═════ DATASET EXCERPTS ═════

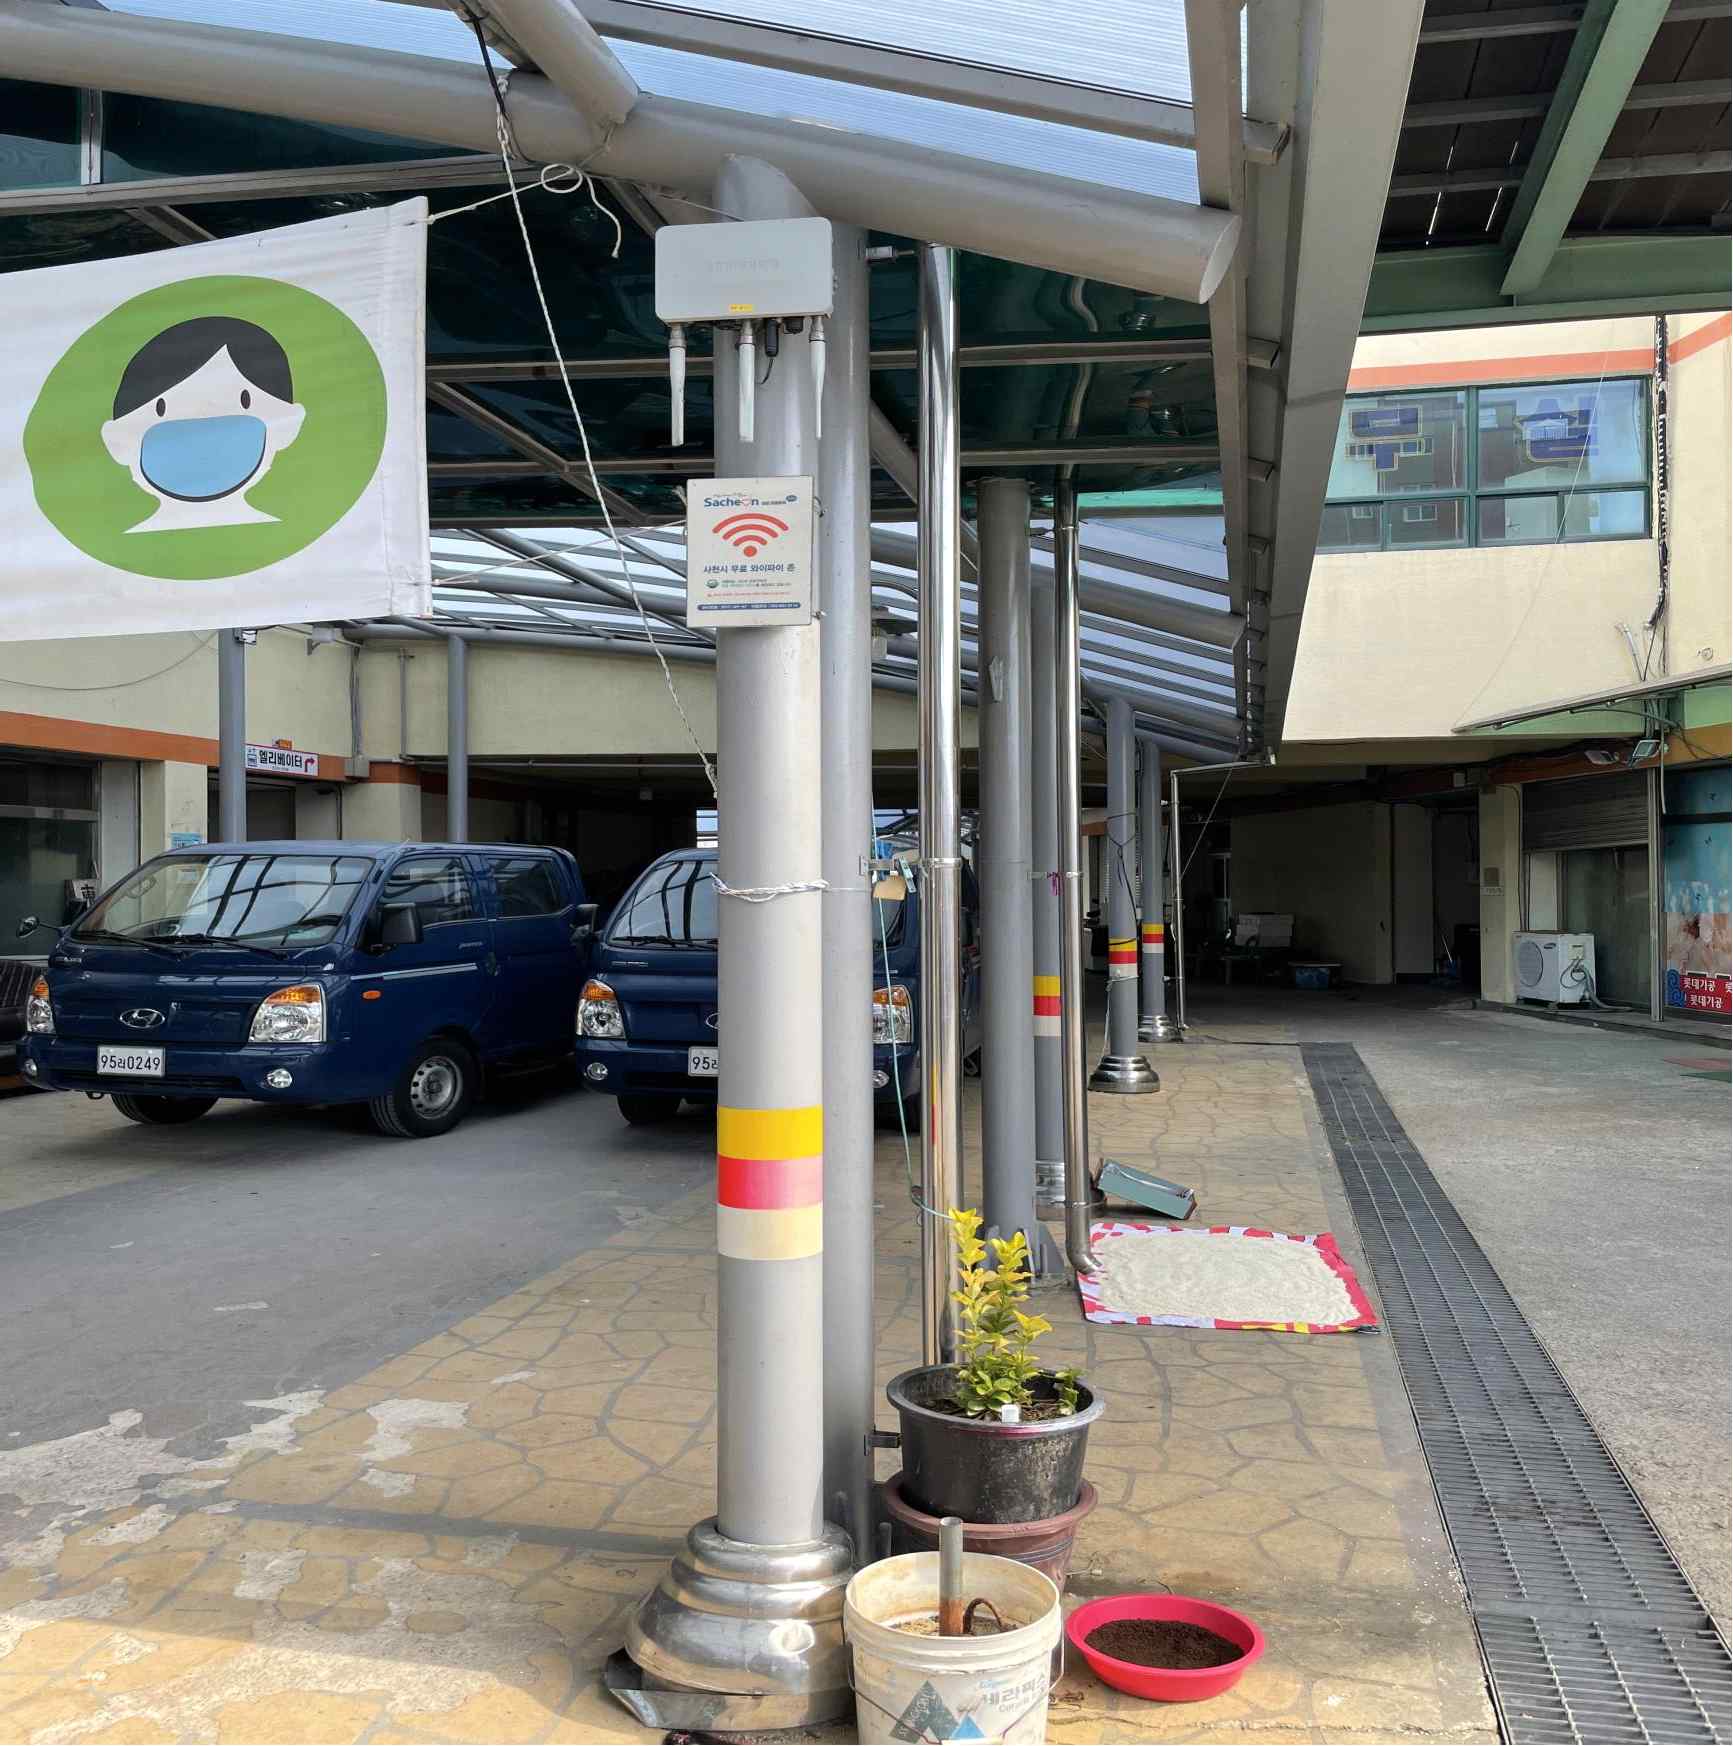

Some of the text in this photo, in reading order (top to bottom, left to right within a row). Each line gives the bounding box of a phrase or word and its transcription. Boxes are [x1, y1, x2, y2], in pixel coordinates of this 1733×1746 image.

[704, 562, 797, 574] 사천시 무료 와이파이 존
[260, 751, 302, 769] 엘리베이터
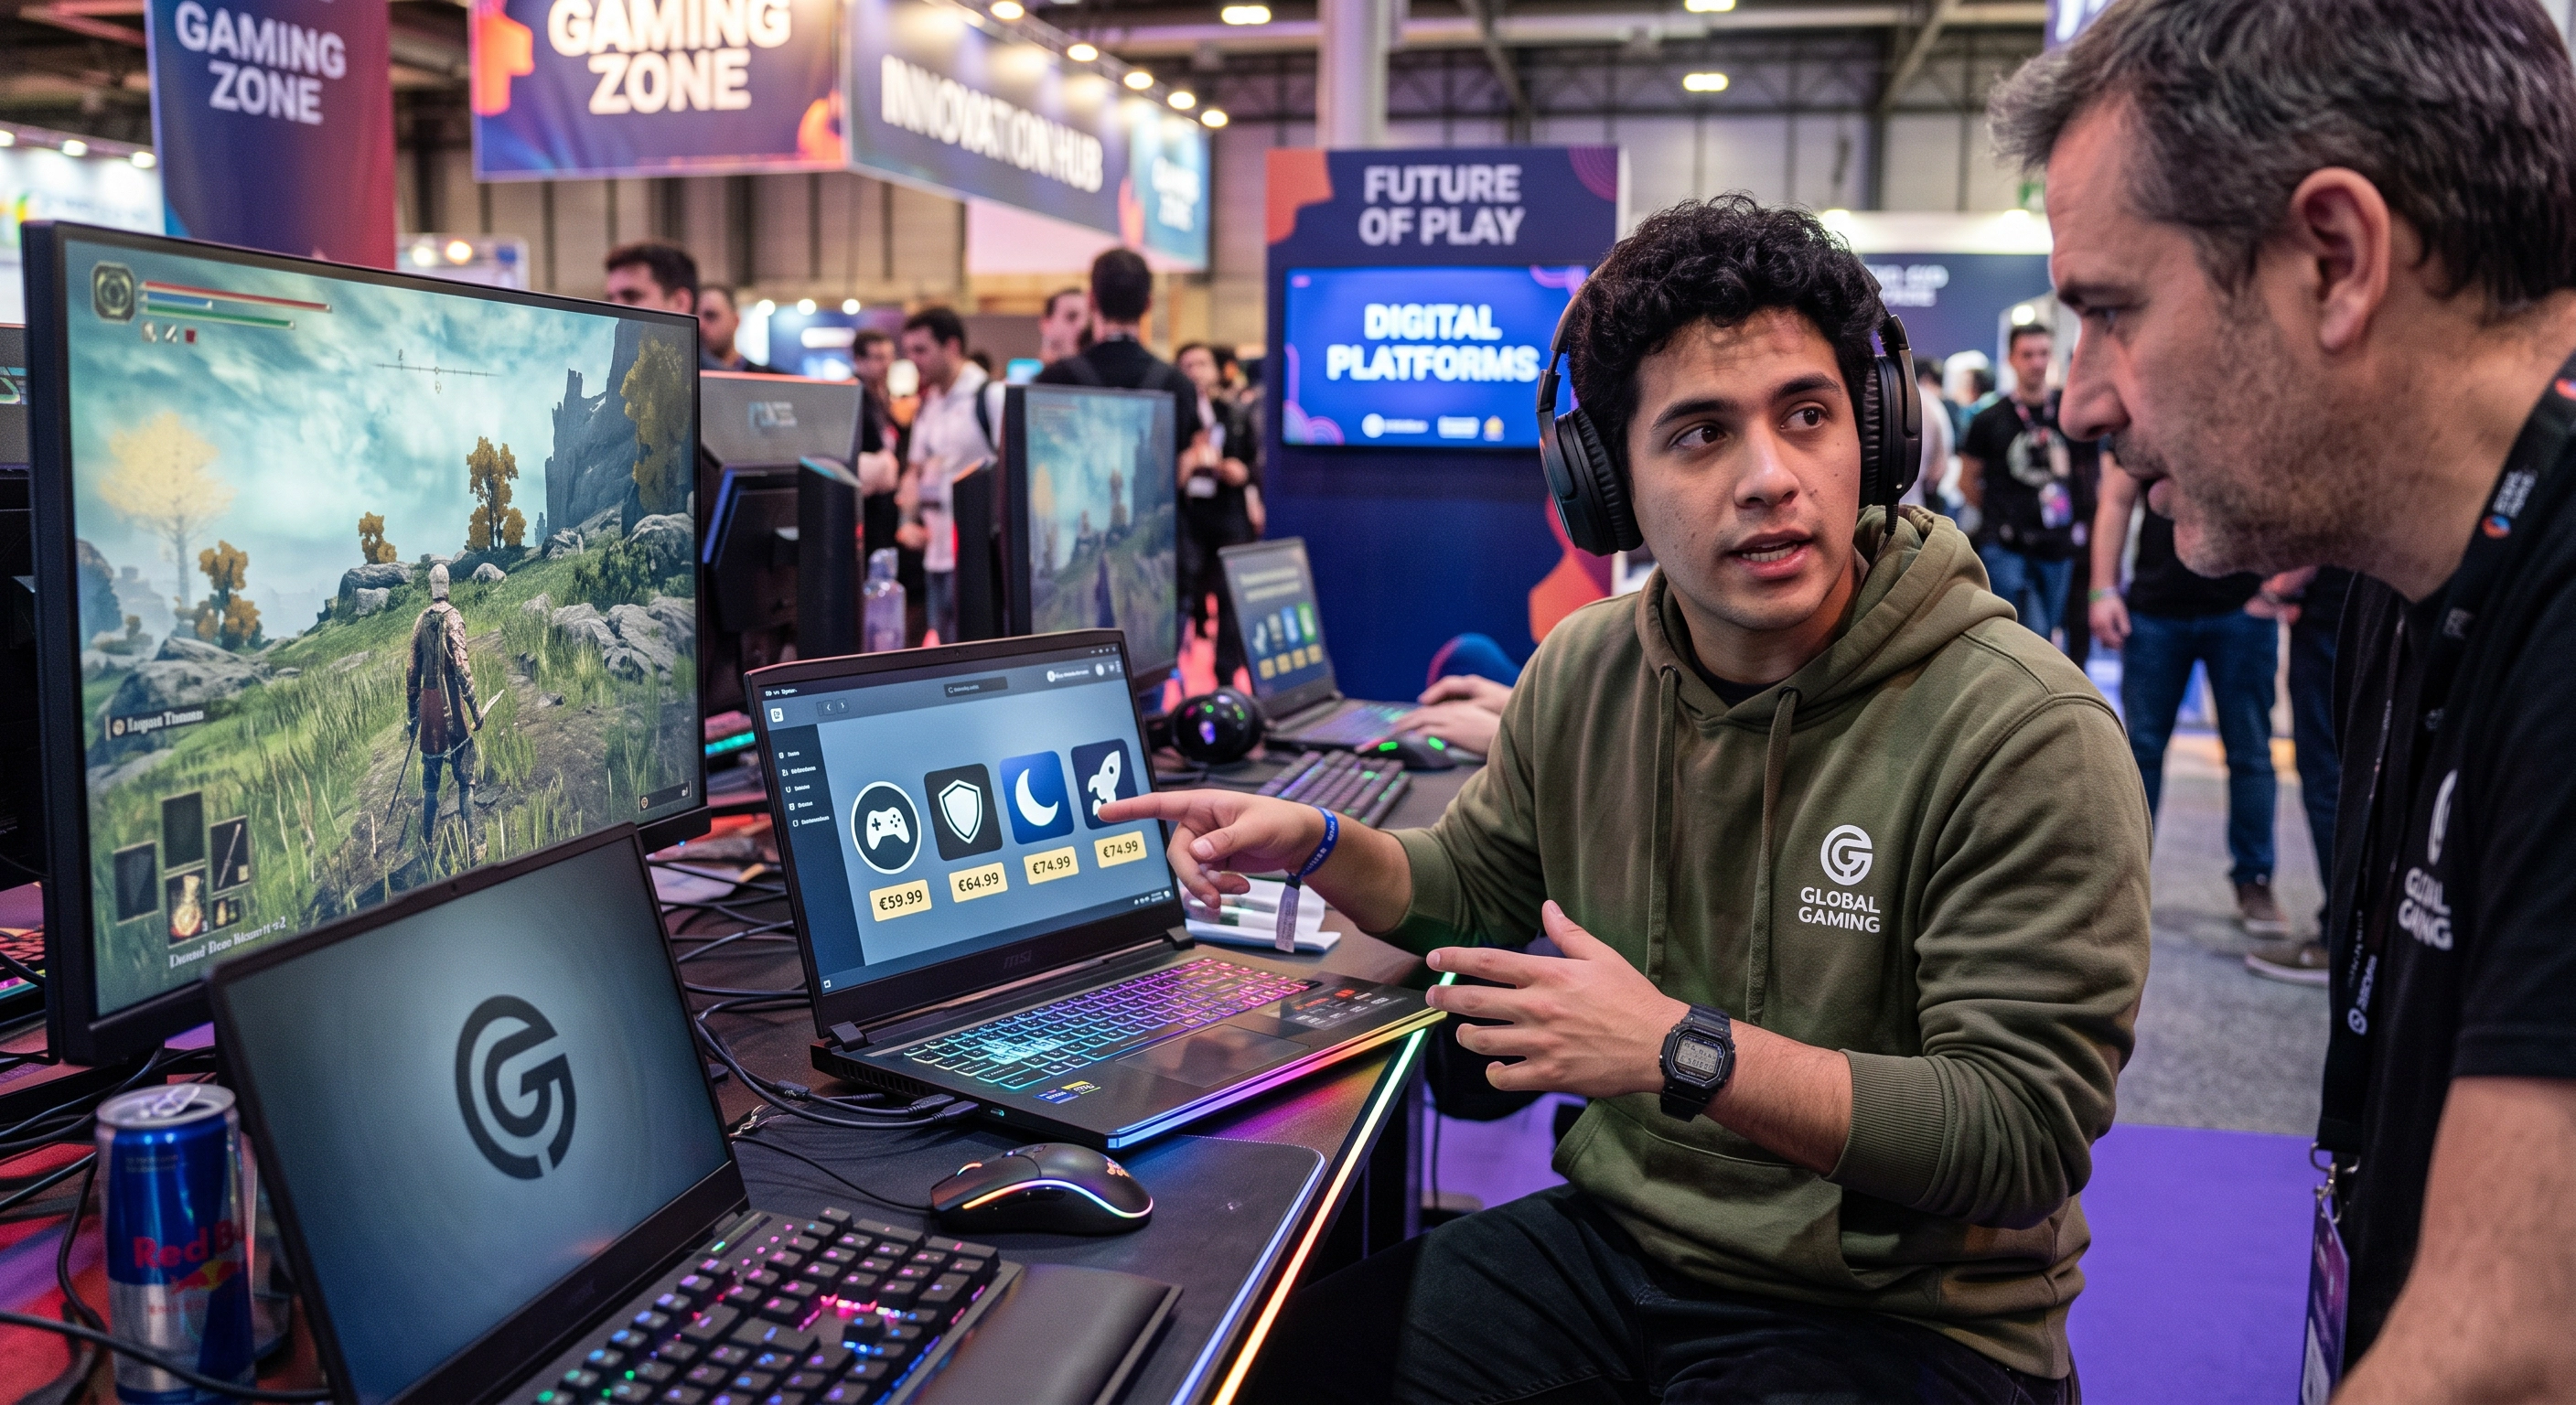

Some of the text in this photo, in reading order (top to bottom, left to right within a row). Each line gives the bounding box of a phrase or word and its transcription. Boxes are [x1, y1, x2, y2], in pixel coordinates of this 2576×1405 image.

[175, 1, 347, 80] GAMING
[548, 0, 791, 57] GAMING
[208, 59, 324, 125] ZONE
[587, 48, 752, 114] ZONE
[881, 54, 1052, 177] INNOVATION
[1052, 122, 1103, 193] HUB
[1364, 164, 1522, 204] FUTURE
[1358, 206, 1527, 246] OF PLAY
[1364, 303, 1503, 340] DIGITAL
[1326, 344, 1540, 382] PLATFORMS
[879, 840, 1139, 911] €59.99 €64.99 €74.99 €74.99
[1798, 906, 1881, 933] GAMING
[1800, 886, 1881, 914] GLOBAL
[133, 1227, 209, 1269] Red

═════

WHAT THE EXERCISE ASKS => Your answer must be an exact copy of the listing, minus its pictures.

RESULT BELOW =>
Some of the text in this photo, in reading order (top to bottom, left to right within a row). Each line gives the bounding box of a phrase or word and its transcription. Boxes are [x1, y1, x2, y2], in pixel coordinates of this 1733×1746 image.

[704, 562, 797, 574] 사천시 무료 와이파이 존
[260, 751, 302, 769] 엘리베이터

Some of the text in this photo, in reading order (top to bottom, left to right within a row). Each line gives the bounding box of a phrase or word and its transcription. Boxes are [x1, y1, x2, y2], in pixel coordinates of this 2576×1405 image.

[175, 1, 347, 80] GAMING
[548, 0, 791, 57] GAMING
[208, 59, 324, 125] ZONE
[587, 48, 752, 114] ZONE
[881, 54, 1052, 177] INNOVATION
[1052, 122, 1103, 193] HUB
[1364, 164, 1522, 204] FUTURE
[1358, 206, 1527, 246] OF PLAY
[1364, 303, 1503, 340] DIGITAL
[1326, 344, 1540, 382] PLATFORMS
[879, 840, 1139, 911] €59.99 €64.99 €74.99 €74.99
[1798, 906, 1881, 933] GAMING
[1800, 886, 1881, 914] GLOBAL
[133, 1227, 209, 1269] Red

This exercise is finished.